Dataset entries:
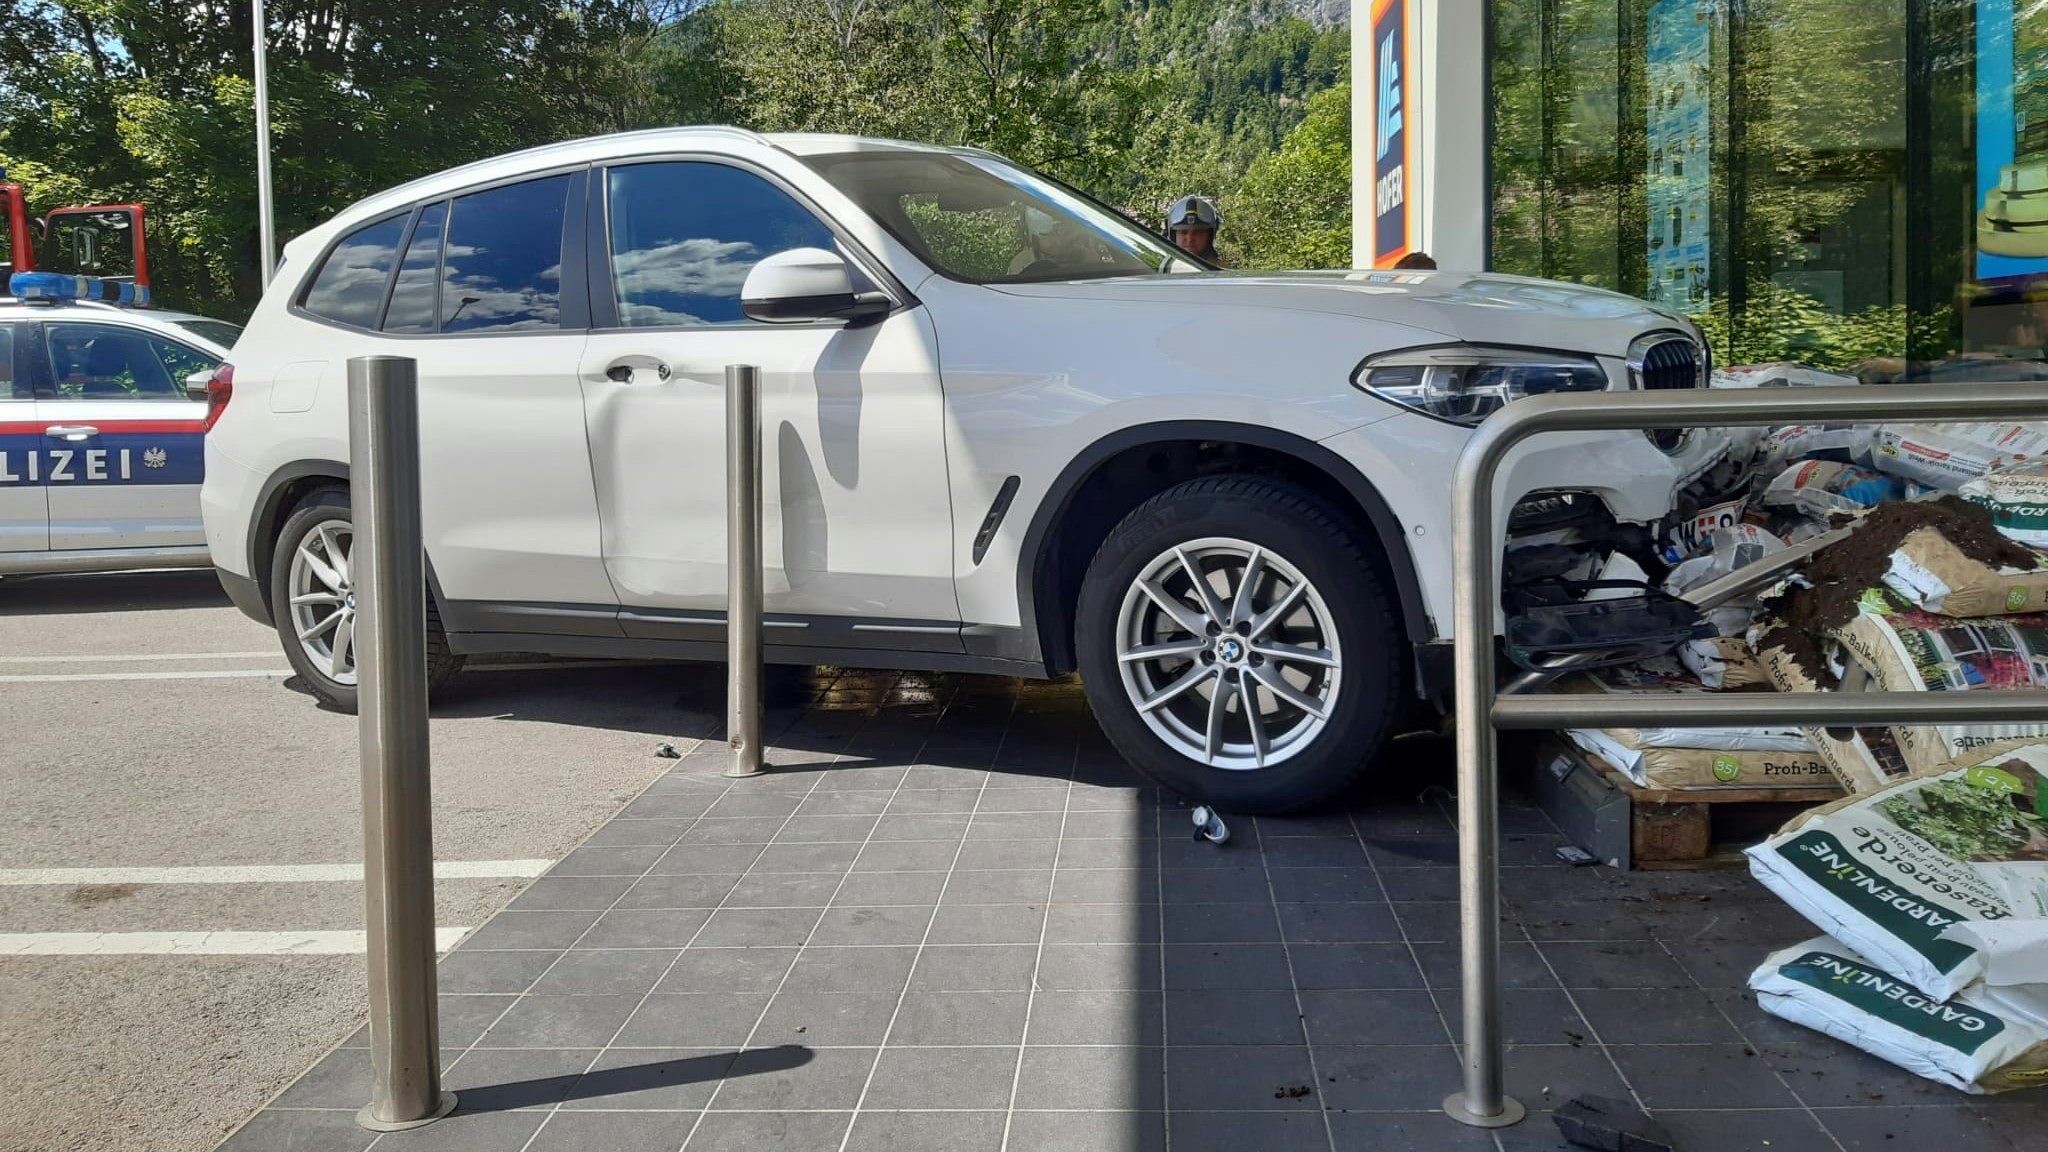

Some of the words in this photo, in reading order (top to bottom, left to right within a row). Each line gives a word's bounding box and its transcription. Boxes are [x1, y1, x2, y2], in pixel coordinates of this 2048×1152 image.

[1377, 165, 1403, 217] HOFER
[1808, 841, 1954, 930] ARDENLINE
[1852, 826, 2013, 920] Rasenerde
[1810, 956, 1986, 1032] GARDENLINE

Directions>
A faithful copy of the data above is wanted, with every image left out.

Task output>
Some of the words in this photo, in reading order (top to bottom, left to right within a row). Each line gives a word's bounding box and its transcription. Boxes are [x1, y1, x2, y2], in pixel coordinates of this 2048×1152 image.

[1377, 165, 1403, 217] HOFER
[1808, 841, 1954, 930] ARDENLINE
[1852, 826, 2013, 920] Rasenerde
[1810, 956, 1986, 1032] GARDENLINE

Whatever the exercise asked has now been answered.